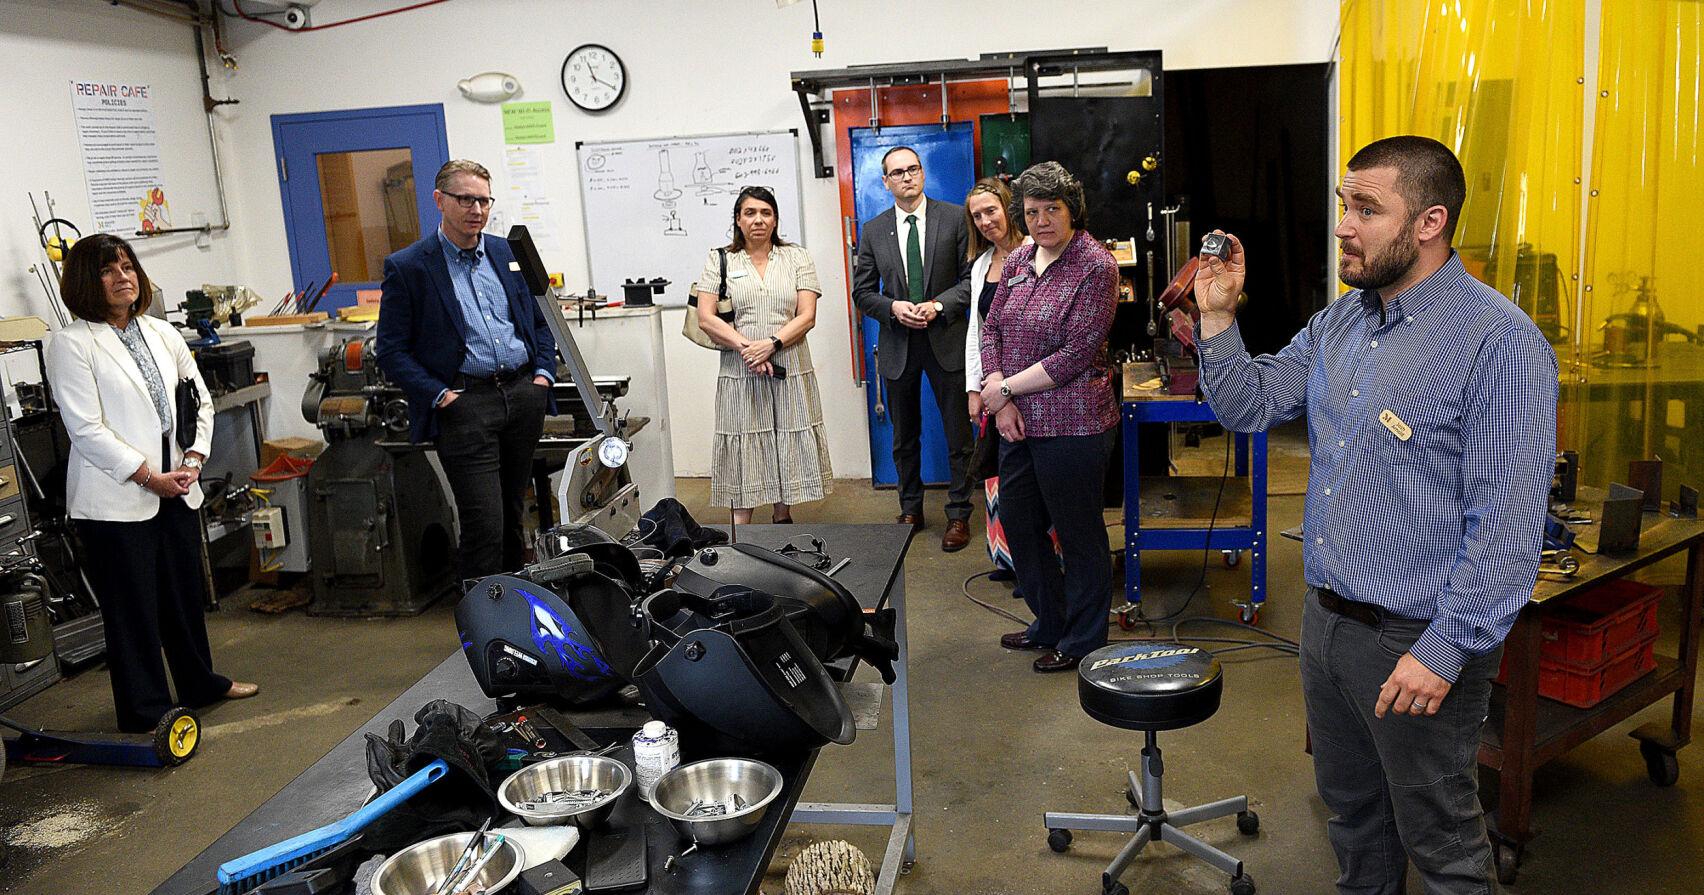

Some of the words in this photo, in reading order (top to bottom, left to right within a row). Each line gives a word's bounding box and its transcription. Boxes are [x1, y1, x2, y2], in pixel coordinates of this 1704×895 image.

[580, 55, 587, 63] 11
[589, 51, 598, 59] 12
[573, 63, 581, 71] 10
[609, 61, 616, 69] 2
[570, 75, 576, 83] 9
[614, 72, 619, 80] 3
[76, 83, 117, 97] REPAIR
[121, 85, 148, 98] CAFE
[574, 87, 580, 95] 8
[594, 96, 600, 104] 6
[604, 92, 610, 100] 5
[1090, 648, 1200, 671] ParkTool
[1110, 675, 1133, 683] BIKE
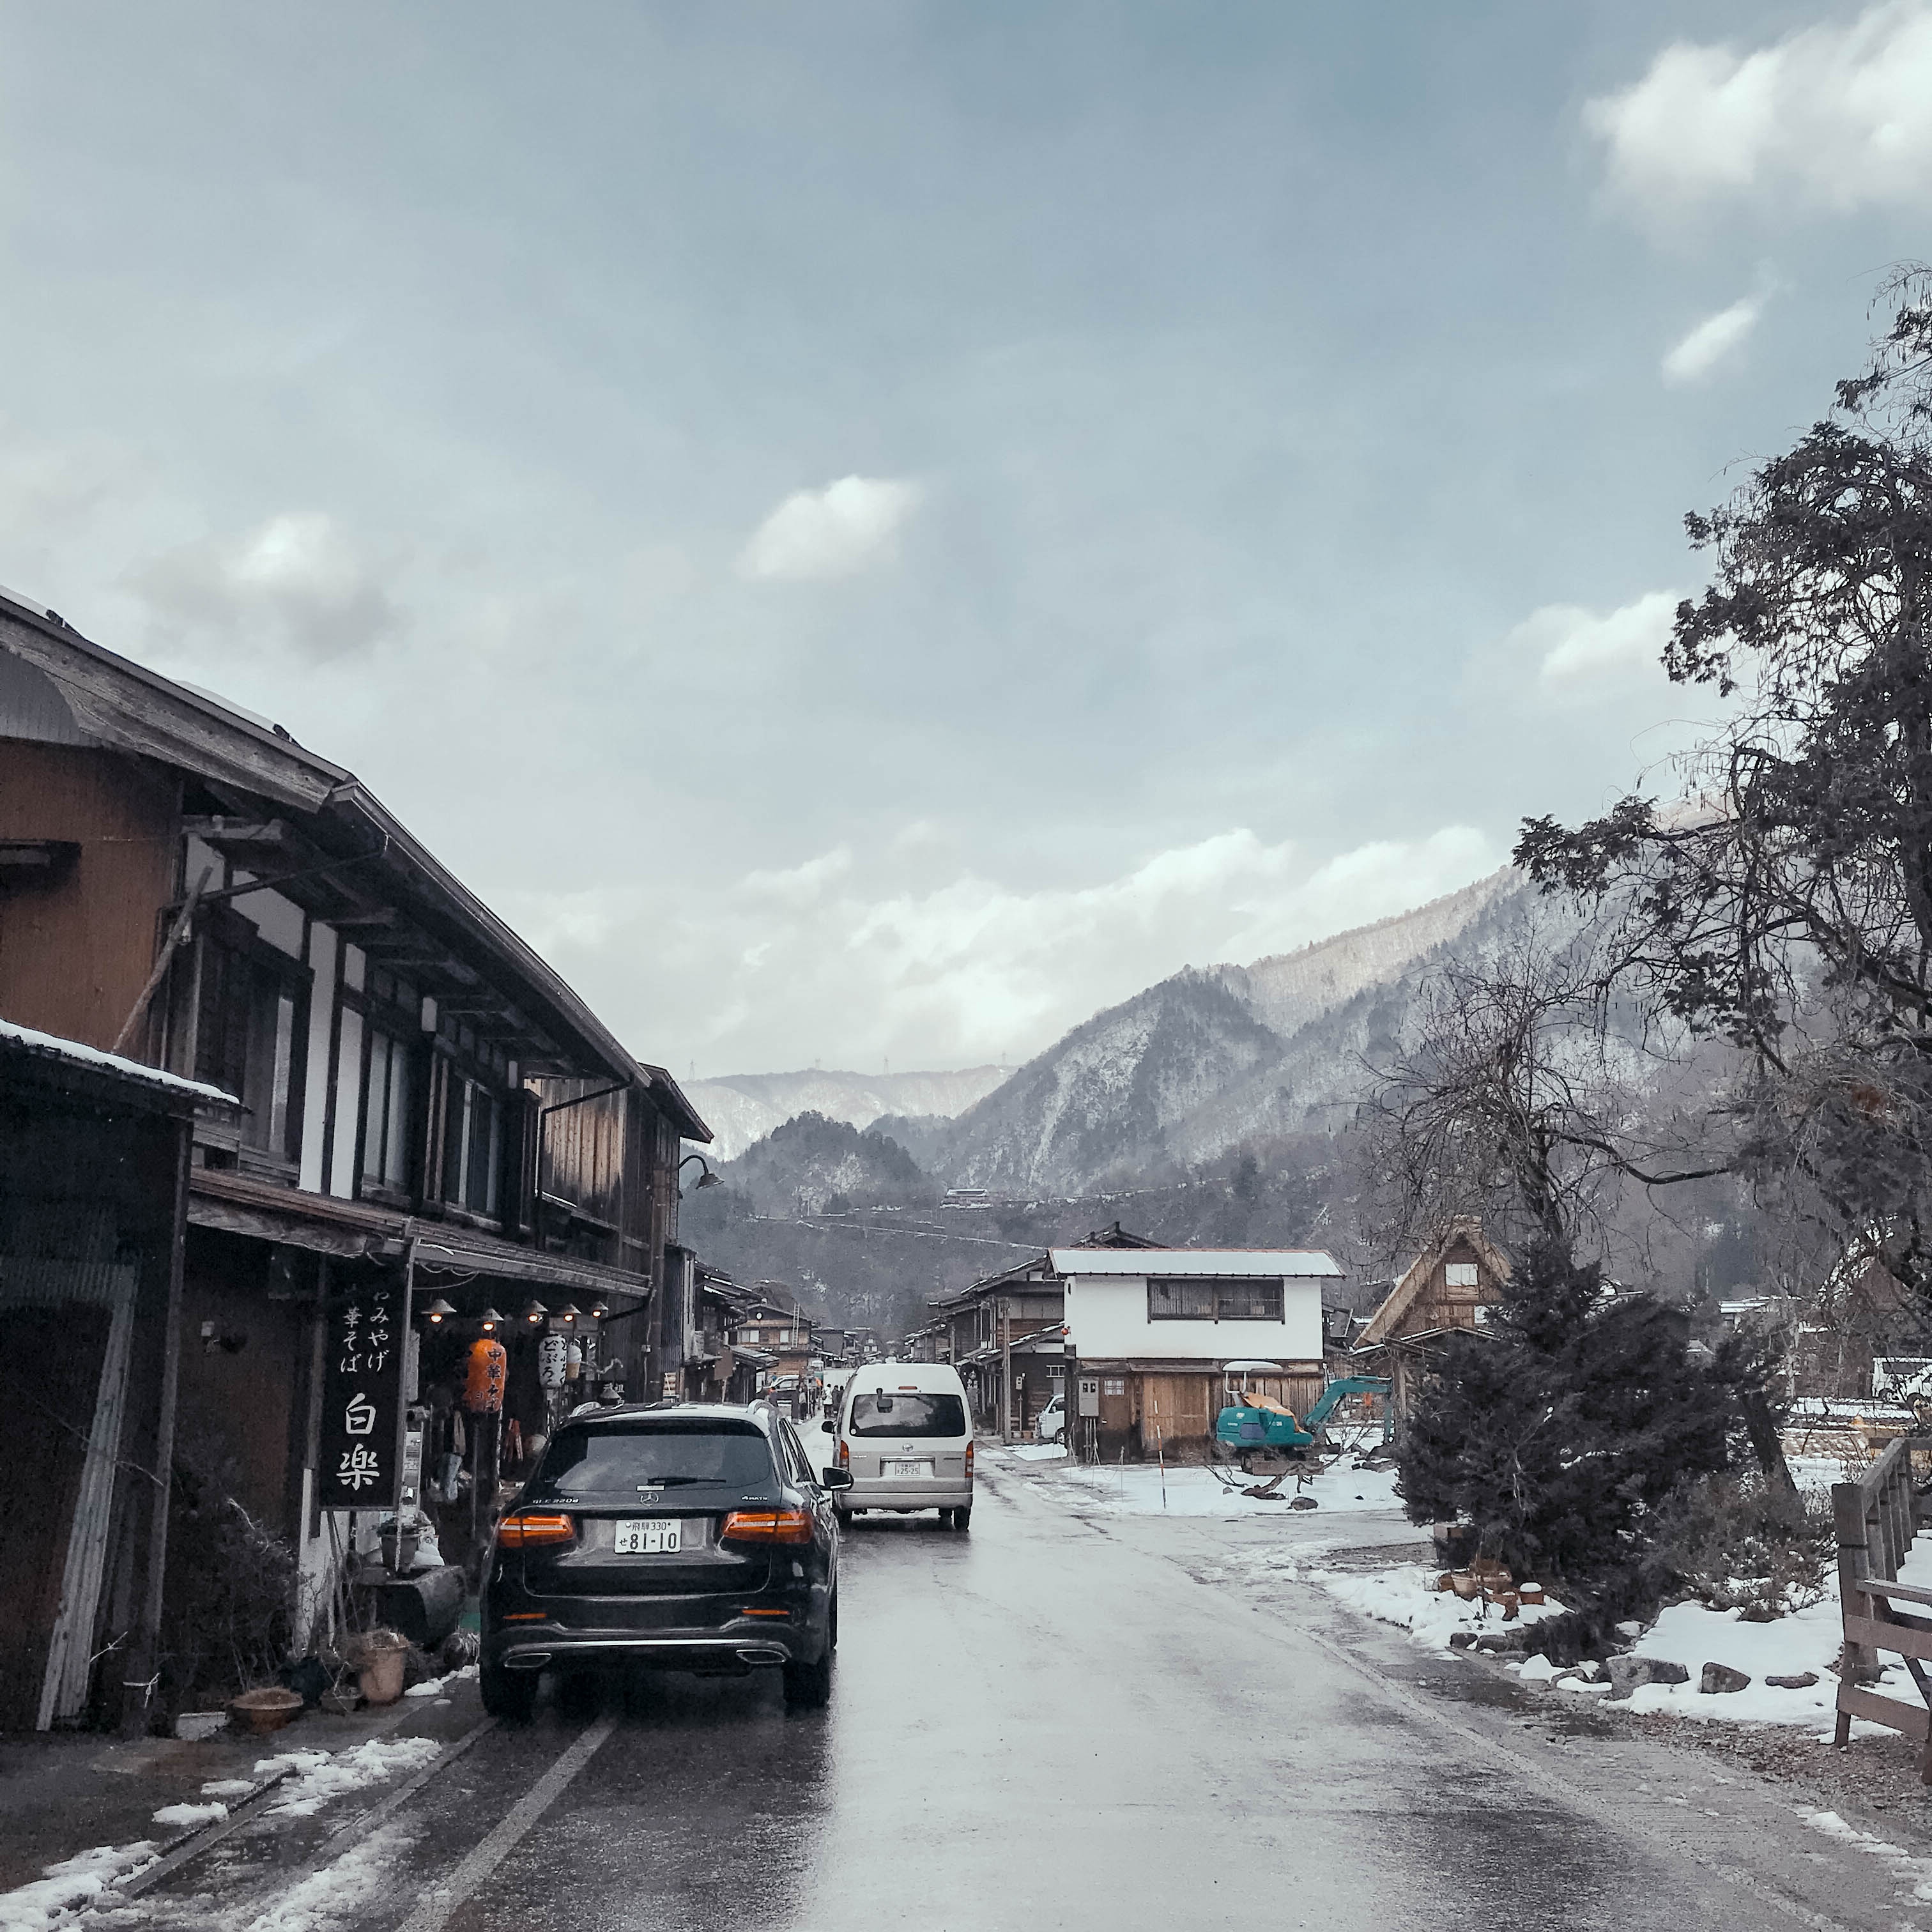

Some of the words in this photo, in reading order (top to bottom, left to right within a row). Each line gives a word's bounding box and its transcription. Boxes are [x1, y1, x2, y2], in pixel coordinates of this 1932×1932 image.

[341, 1284, 362, 1373] 華そば
[336, 1393, 379, 1491] 白楽
[630, 1533, 677, 1550] 81-10
○ ○ ○ ○ ○
→ **Task to complete**:
Print the lines of the material, exactly and only, from the line that contains "this 1932×1932 image." down to and including the final line.

→ **Answer to this problem**:
Some of the words in this photo, in reading order (top to bottom, left to right within a row). Each line gives a word's bounding box and its transcription. Boxes are [x1, y1, x2, y2], in pixel coordinates of this 1932×1932 image.

[341, 1284, 362, 1373] 華そば
[336, 1393, 379, 1491] 白楽
[630, 1533, 677, 1550] 81-10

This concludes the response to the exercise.